__WHAT YOU HAVE TO DO__
I'd like the entire listing output verbatim, apart from the pictures.

= Beginning of Section =

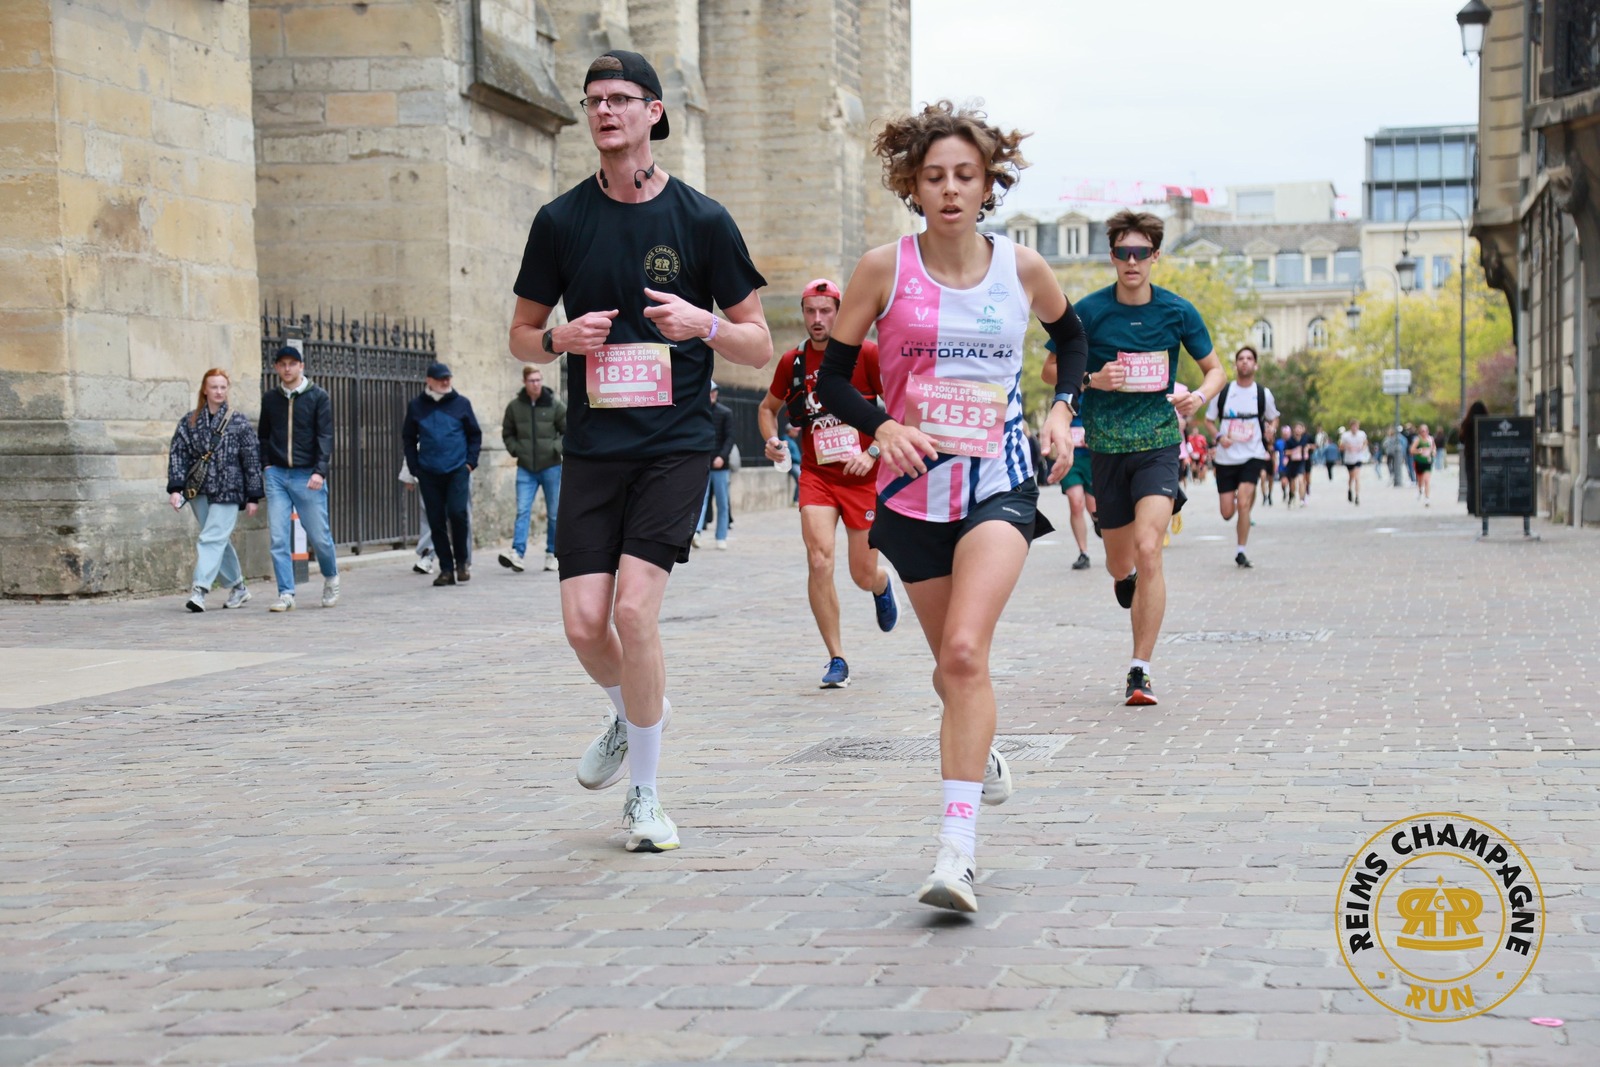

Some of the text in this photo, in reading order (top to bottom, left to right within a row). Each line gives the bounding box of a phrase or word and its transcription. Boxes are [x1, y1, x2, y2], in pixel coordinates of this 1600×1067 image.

[901, 347, 988, 358] LITTORAL
[596, 364, 661, 382] 18321
[1124, 364, 1165, 376] 18915
[920, 383, 932, 391] LES
[935, 385, 957, 394] 10KM
[932, 392, 952, 400] FOND
[967, 396, 992, 404] FORME
[917, 402, 997, 427] 14533
[819, 435, 855, 450] 21186
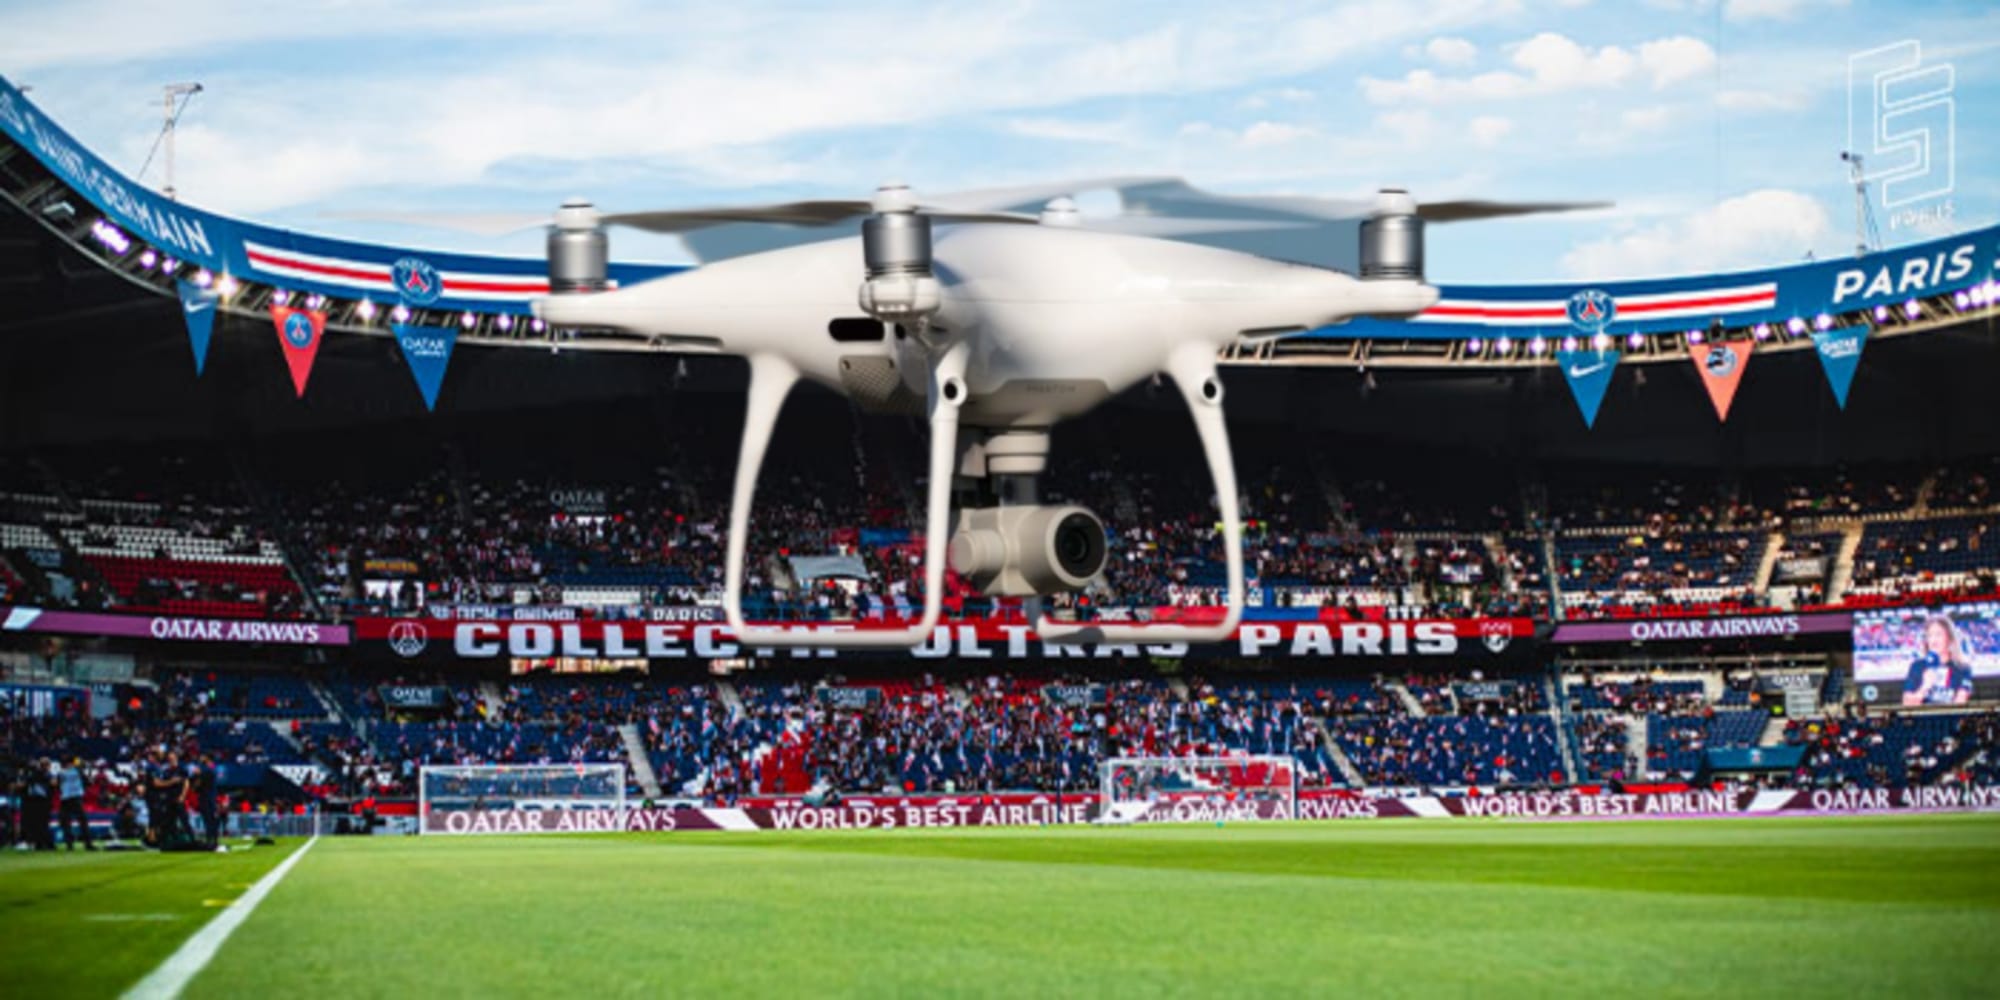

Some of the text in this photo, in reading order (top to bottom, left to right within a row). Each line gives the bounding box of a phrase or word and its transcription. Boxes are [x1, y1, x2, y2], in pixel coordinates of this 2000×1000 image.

[1832, 245, 1976, 303] PARIS
[151, 617, 320, 643] QATAR AIRWAYS
[1239, 621, 1459, 656] PARIS
[1631, 615, 1800, 640] QATAR AIRWAYS
[1271, 799, 1378, 819] ARWAYS
[1461, 792, 1739, 816] WORLD'S BEST AIRLINE
[1811, 788, 1890, 810] QATAR
[445, 807, 677, 833] QATAR AIRWAYS
[769, 802, 1088, 830] WORLD'S BEST AIRLINE
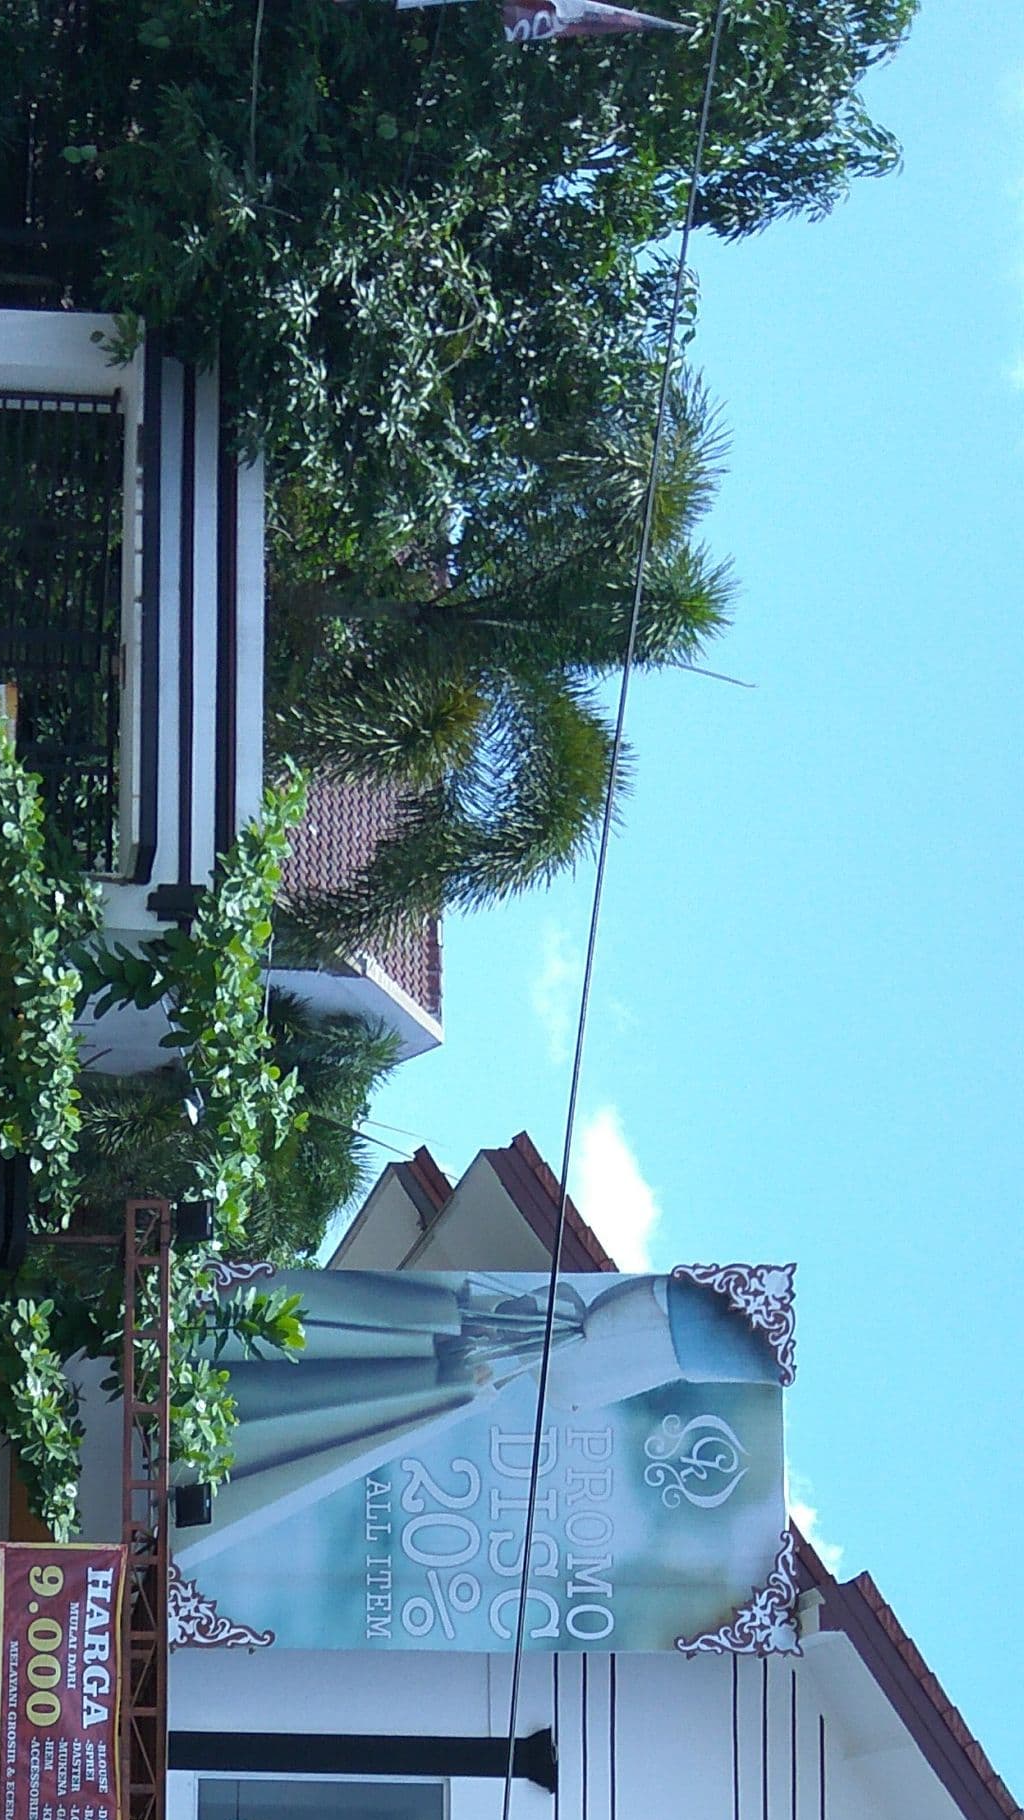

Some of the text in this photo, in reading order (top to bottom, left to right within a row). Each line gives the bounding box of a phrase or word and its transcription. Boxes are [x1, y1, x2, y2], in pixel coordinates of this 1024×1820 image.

= End of Section =

__EXERCISE SOLUTION__
Some of the text in this photo, in reading order (top to bottom, left to right within a row). Each line gives the bounding box of a phrase or word and its transcription. Boxes are [x1, y1, x2, y2], in pixel coordinates of this 1600×1067 image.

[901, 347, 988, 358] LITTORAL
[596, 364, 661, 382] 18321
[1124, 364, 1165, 376] 18915
[920, 383, 932, 391] LES
[935, 385, 957, 394] 10KM
[932, 392, 952, 400] FOND
[967, 396, 992, 404] FORME
[917, 402, 997, 427] 14533
[819, 435, 855, 450] 21186

Some of the text in this photo, in reading order (top to bottom, left to right within a row). Each line gives the bounding box of a phrase or word and its transcription. Boxes are [x1, y1, x2, y2], in pixel coordinates of this 2000×1000 image.

[1832, 245, 1976, 303] PARIS
[151, 617, 320, 643] QATAR AIRWAYS
[1239, 621, 1459, 656] PARIS
[1631, 615, 1800, 640] QATAR AIRWAYS
[1271, 799, 1378, 819] ARWAYS
[1461, 792, 1739, 816] WORLD'S BEST AIRLINE
[1811, 788, 1890, 810] QATAR
[445, 807, 677, 833] QATAR AIRWAYS
[769, 802, 1088, 830] WORLD'S BEST AIRLINE

Some of the text in this photo, in reading order (top to bottom, left to right within a row). Each line gives the bounding box of a phrase or word and its transcription. Boxes are [x1, y1, x2, y2], in pixel coordinates of this 1024×1820 image.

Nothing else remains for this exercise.